> Task description: Could you please write out each line of the records exactly, minus the pictures?
· · · ·
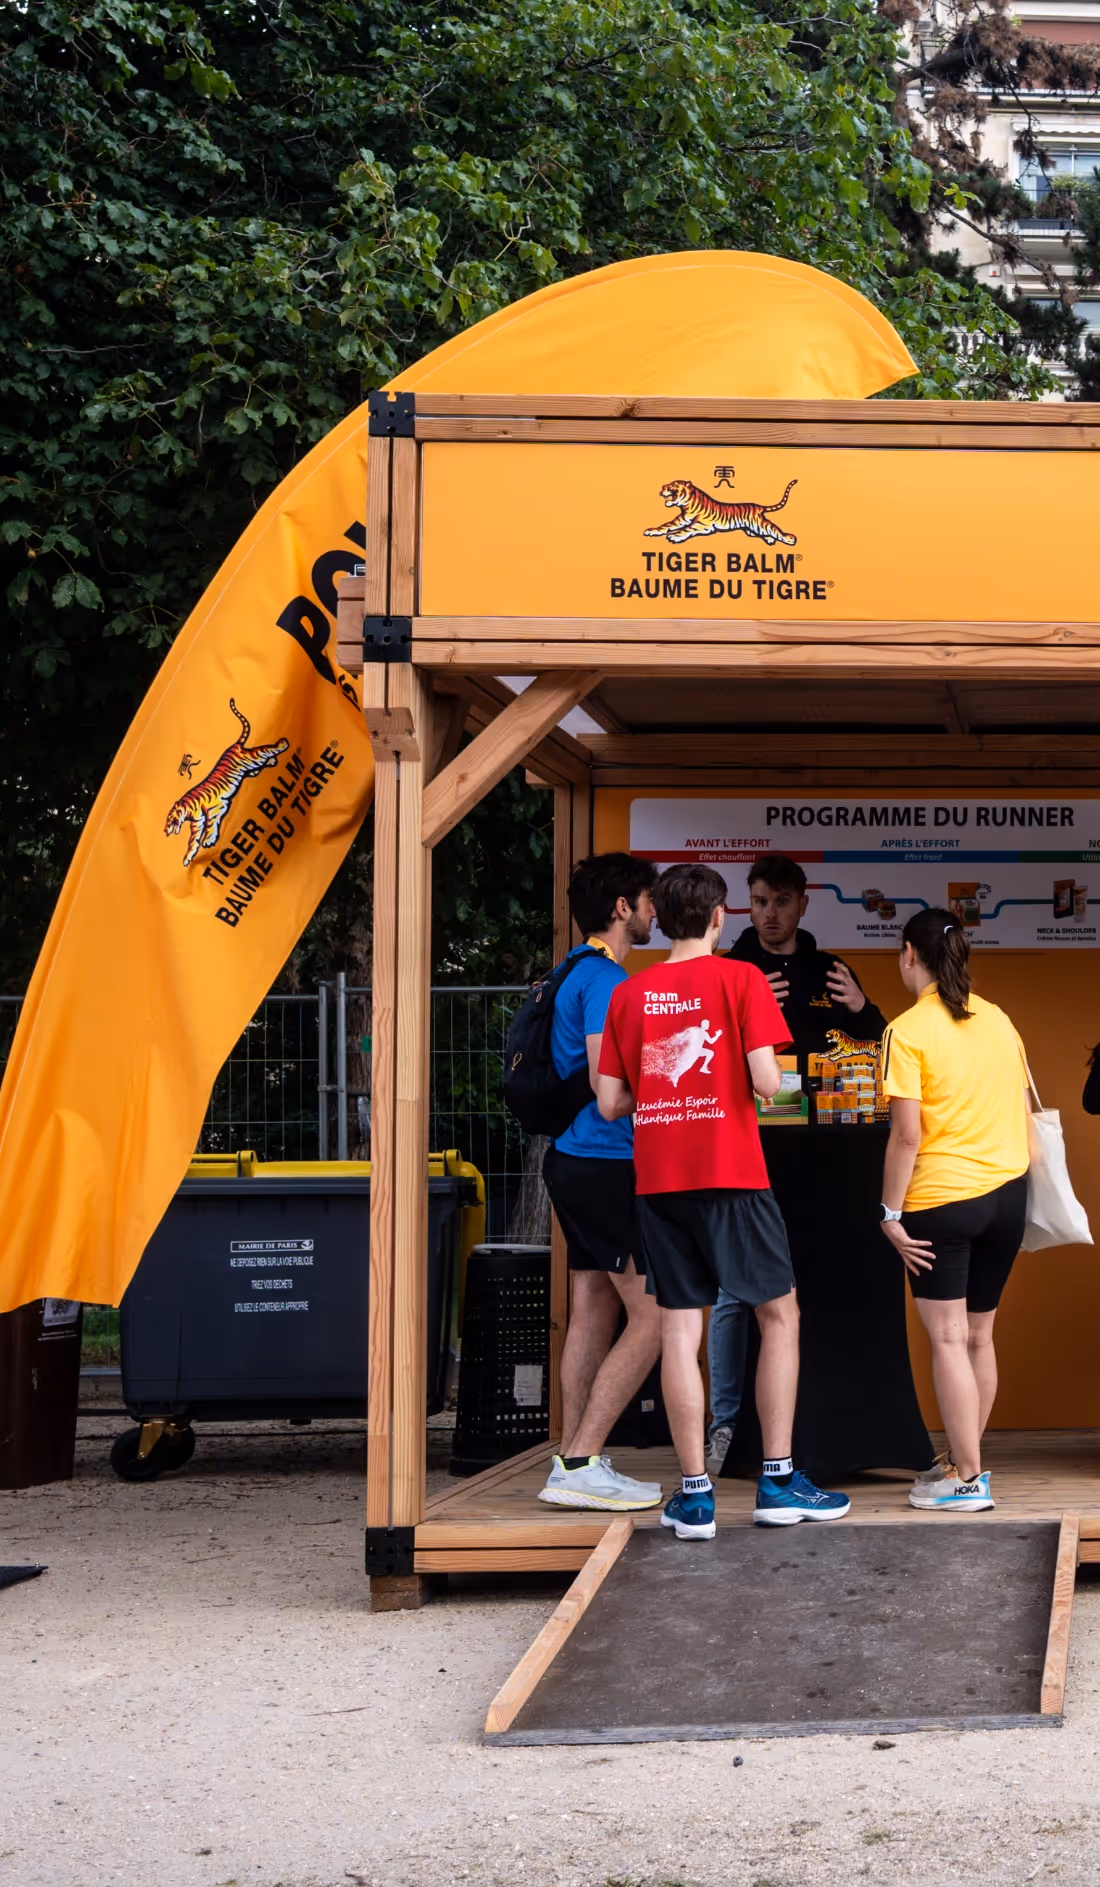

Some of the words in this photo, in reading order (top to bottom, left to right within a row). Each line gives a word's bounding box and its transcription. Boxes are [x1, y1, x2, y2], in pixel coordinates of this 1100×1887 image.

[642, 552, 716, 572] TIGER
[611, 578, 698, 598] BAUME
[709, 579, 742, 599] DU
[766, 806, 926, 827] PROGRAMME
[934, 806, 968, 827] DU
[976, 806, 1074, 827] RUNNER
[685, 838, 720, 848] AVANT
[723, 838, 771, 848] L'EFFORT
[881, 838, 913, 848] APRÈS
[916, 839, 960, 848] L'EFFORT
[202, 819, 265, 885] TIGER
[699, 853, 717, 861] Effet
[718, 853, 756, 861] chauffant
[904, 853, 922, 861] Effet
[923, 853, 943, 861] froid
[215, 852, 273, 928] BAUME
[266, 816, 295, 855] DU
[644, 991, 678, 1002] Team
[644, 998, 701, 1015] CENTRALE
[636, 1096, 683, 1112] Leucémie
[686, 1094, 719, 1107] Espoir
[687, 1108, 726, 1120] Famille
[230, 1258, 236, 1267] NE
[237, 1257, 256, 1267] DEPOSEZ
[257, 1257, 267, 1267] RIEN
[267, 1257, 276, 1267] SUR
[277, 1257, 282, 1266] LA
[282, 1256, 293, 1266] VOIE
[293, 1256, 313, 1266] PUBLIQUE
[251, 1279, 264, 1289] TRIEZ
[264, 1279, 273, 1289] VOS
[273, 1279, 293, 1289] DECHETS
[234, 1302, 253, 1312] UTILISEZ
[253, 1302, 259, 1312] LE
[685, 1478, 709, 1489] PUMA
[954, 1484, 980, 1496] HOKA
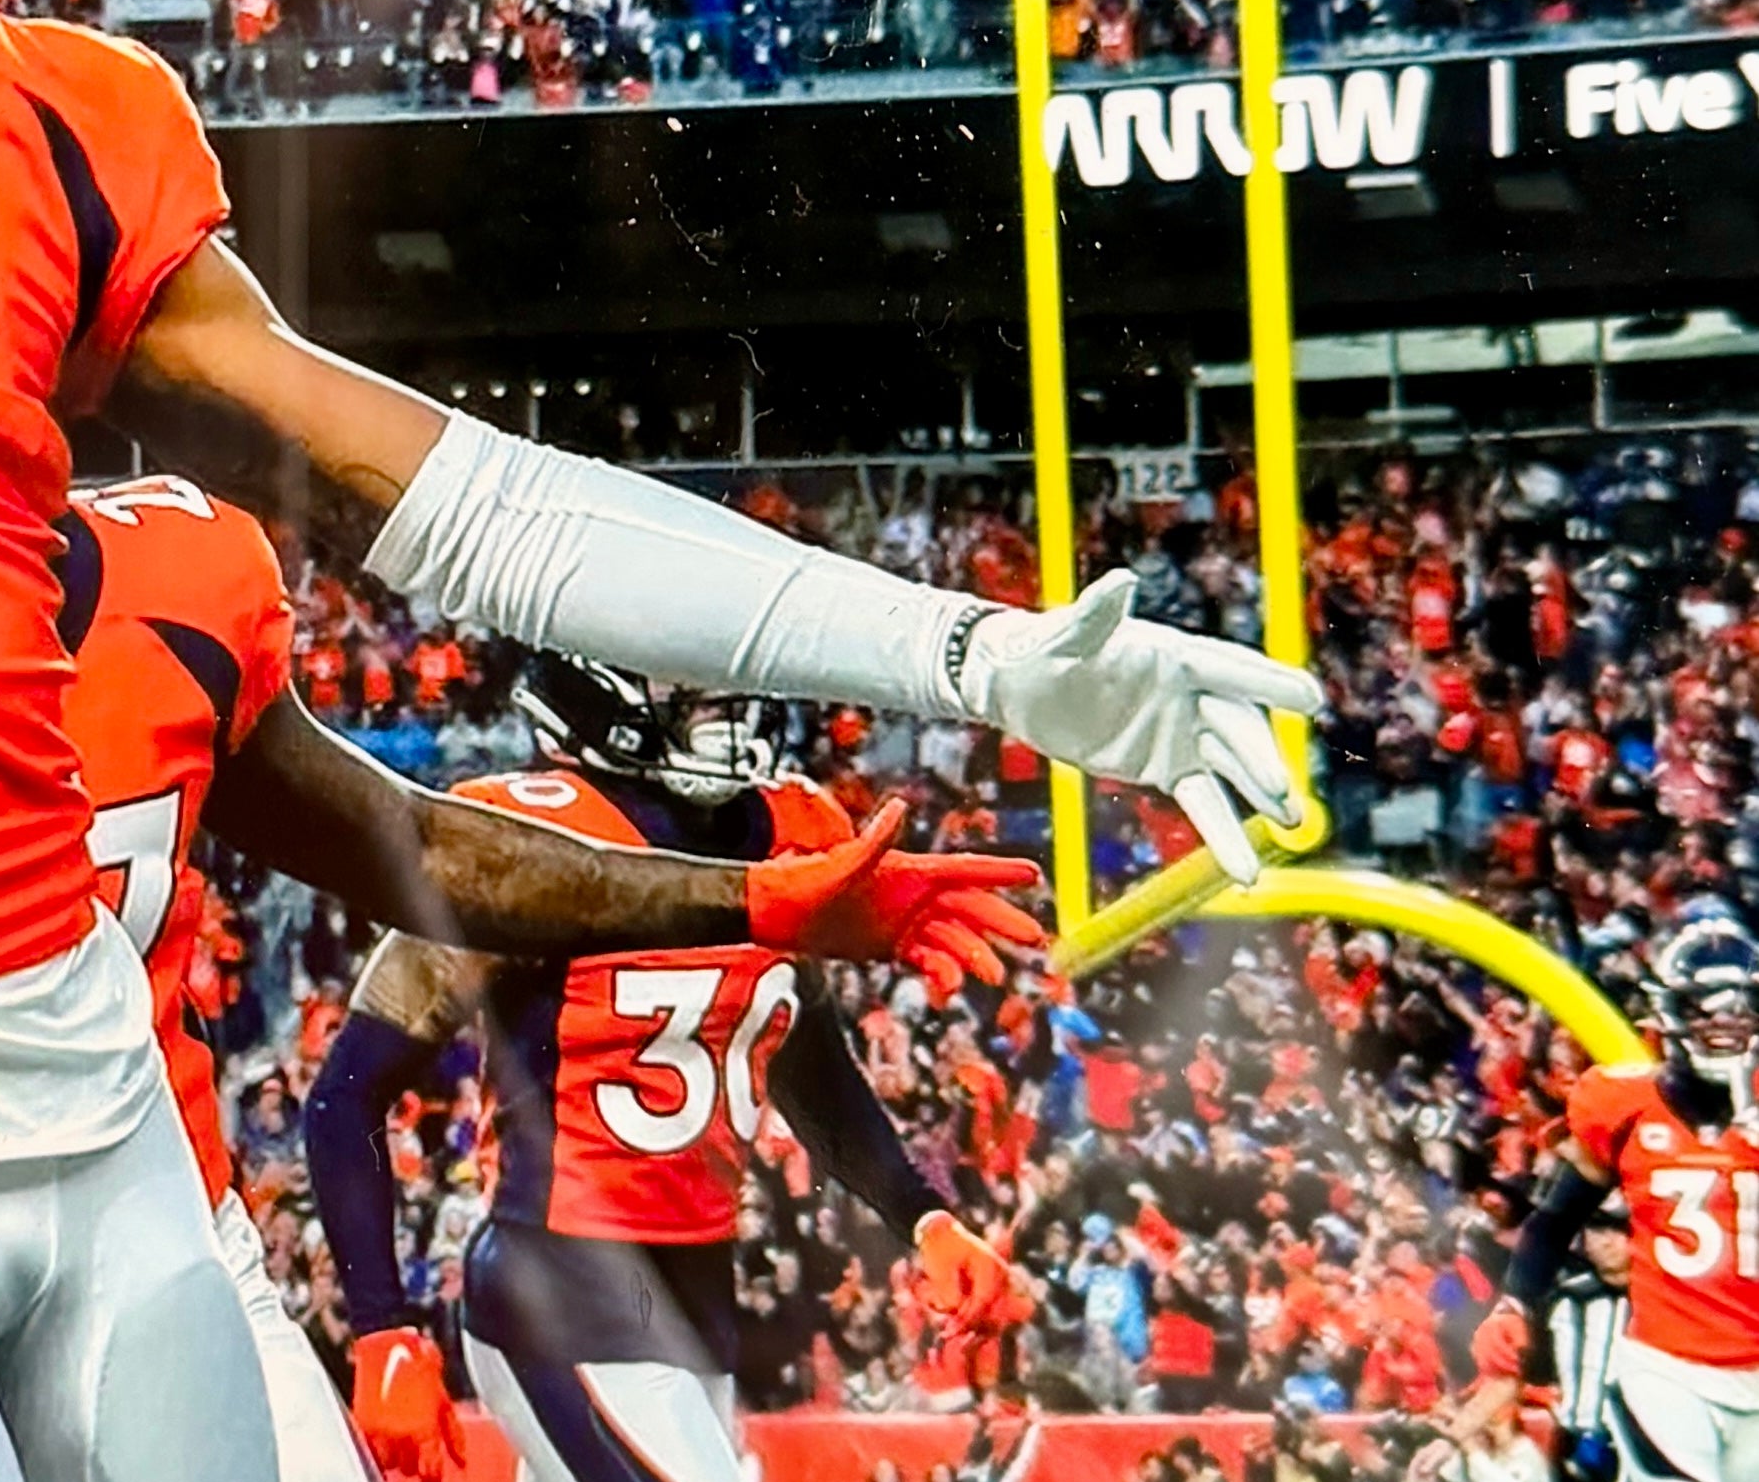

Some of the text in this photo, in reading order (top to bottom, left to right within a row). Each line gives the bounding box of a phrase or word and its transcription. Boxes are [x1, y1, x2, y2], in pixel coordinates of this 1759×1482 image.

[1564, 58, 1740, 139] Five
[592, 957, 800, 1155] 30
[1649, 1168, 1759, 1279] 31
· · · ·
> Answer to this task:
Some of the words in this photo, in reading order (top to bottom, left to right within a row). Each line gives a word's bounding box and its transcription. Boxes are [x1, y1, x2, y2], in pixel coordinates of this 1100×1887 image.

[642, 552, 716, 572] TIGER
[611, 578, 698, 598] BAUME
[709, 579, 742, 599] DU
[766, 806, 926, 827] PROGRAMME
[934, 806, 968, 827] DU
[976, 806, 1074, 827] RUNNER
[685, 838, 720, 848] AVANT
[723, 838, 771, 848] L'EFFORT
[881, 838, 913, 848] APRÈS
[916, 839, 960, 848] L'EFFORT
[202, 819, 265, 885] TIGER
[699, 853, 717, 861] Effet
[718, 853, 756, 861] chauffant
[904, 853, 922, 861] Effet
[923, 853, 943, 861] froid
[215, 852, 273, 928] BAUME
[266, 816, 295, 855] DU
[644, 991, 678, 1002] Team
[644, 998, 701, 1015] CENTRALE
[636, 1096, 683, 1112] Leucémie
[686, 1094, 719, 1107] Espoir
[687, 1108, 726, 1120] Famille
[230, 1258, 236, 1267] NE
[237, 1257, 256, 1267] DEPOSEZ
[257, 1257, 267, 1267] RIEN
[267, 1257, 276, 1267] SUR
[277, 1257, 282, 1266] LA
[282, 1256, 293, 1266] VOIE
[293, 1256, 313, 1266] PUBLIQUE
[251, 1279, 264, 1289] TRIEZ
[264, 1279, 273, 1289] VOS
[273, 1279, 293, 1289] DECHETS
[234, 1302, 253, 1312] UTILISEZ
[253, 1302, 259, 1312] LE
[685, 1478, 709, 1489] PUMA
[954, 1484, 980, 1496] HOKA

Some of the text in this photo, in reading order (top to bottom, left to right within a row). Each line gives the bounding box of a phrase or word and its transcription. Boxes are [x1, y1, x2, y2], in pixel coordinates of this 1759×1482 image.

[1564, 58, 1740, 139] Five
[592, 957, 800, 1155] 30
[1649, 1168, 1759, 1279] 31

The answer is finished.